3) Steve Bruce. Great player. But please look at the history of Steve's managerial career. Steve has managed 7 clubs in 16 years. He has won nowt in any of these clubs and has led a few clubs into relegation. He is currently struggling at Hull with his club in danger of relegation.  But guess what Steve is one of the favourites for the Newcastle job and any other job going in the North of England. Is it Steve's results that makes him this attractive to club owners? Waiting for someone to defend this. 

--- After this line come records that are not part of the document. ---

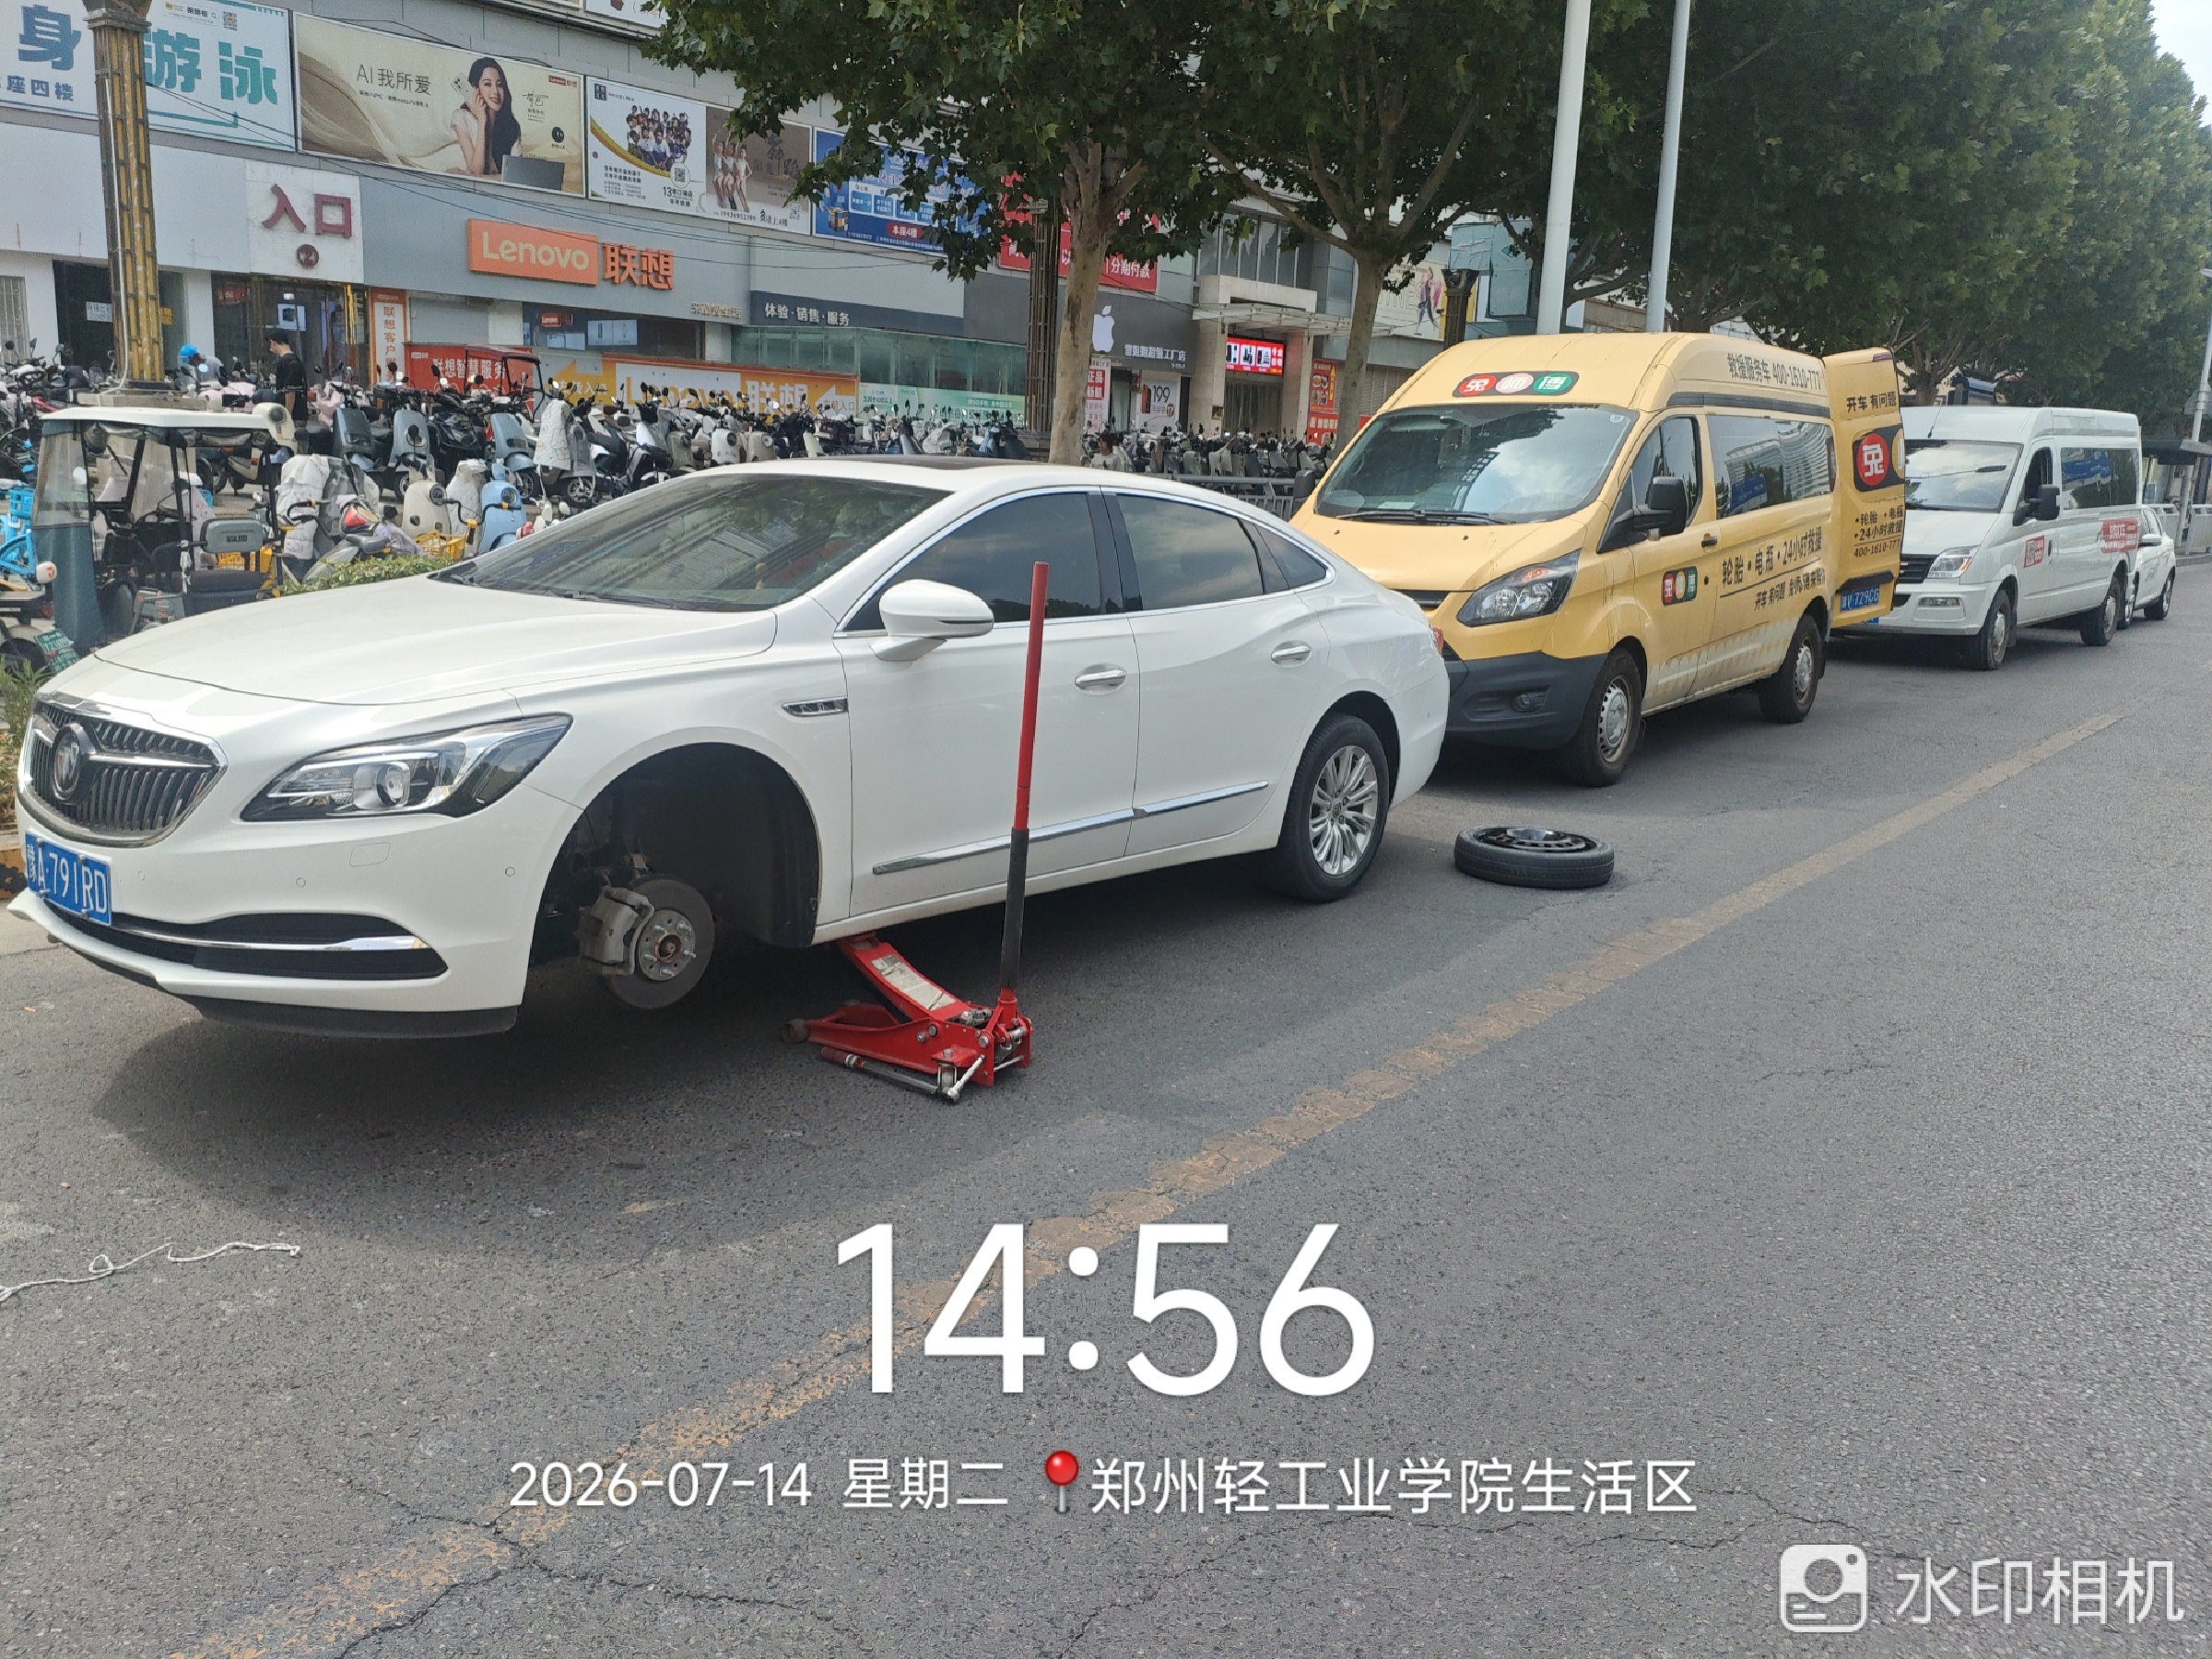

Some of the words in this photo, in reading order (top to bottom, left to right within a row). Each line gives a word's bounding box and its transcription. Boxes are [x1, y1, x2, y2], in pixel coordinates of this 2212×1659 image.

[18, 5, 81, 71] 身
[145, 27, 277, 105] 游泳
[0, 75, 74, 101] 座四楼
[262, 183, 353, 240] 入口
[482, 231, 590, 271] Lenovo
[603, 241, 675, 290] 联想
[1846, 394, 1867, 413] 开车
[1870, 391, 1897, 408] 有问题
[1853, 539, 1900, 558] 400-1610-777

You want more examples, look at the records of most managers in the Championship and the lower leagues. They are allowed to fail, they are allowed to be shite, cool their heels a bit and stroll back into a job big or small. But similar managers like John Barnes, Paul Ince are not allowed to be shite. They are not allowed to fail. No its not racism some will say. Call it whatever you like, I know what I would call it.


1 comment:

  1. Great piece, but I am fundamentally at odds with the take-aways from it. For starters, I am quite happy to start from a base of "this is how it is, so deal with it." I have a serious problem with the subsidy that is any form of affirmative action, be it gender based or race based. It may well be unfair because there is an underhand situation at play, but this underhand situation requires instruments to actualise it. From agents to media to conferences to insider information etc etc. I do not have the data for what I am about to suggest, so I am happy to be called out on it with proof. I do not think the black and minority managers are doing enough in this area i.e. mastering the instruments that perpetuate this supposed deliberate plot to keep the black coach out of a job. Who are their agents? Brother, cousin, mate from down the road? Sorry. You made quite a bit from the game. Go and spend it on a higher class agent and let me know if this does not change your interview prospects. Same with publicists etc. If we think that minorities anywhere in the world (black, Hispanic, Asian, male, female) won't ever have to work 26 times as hard to prove themselves, I think our frustrations will be locked in a ferrets wheel.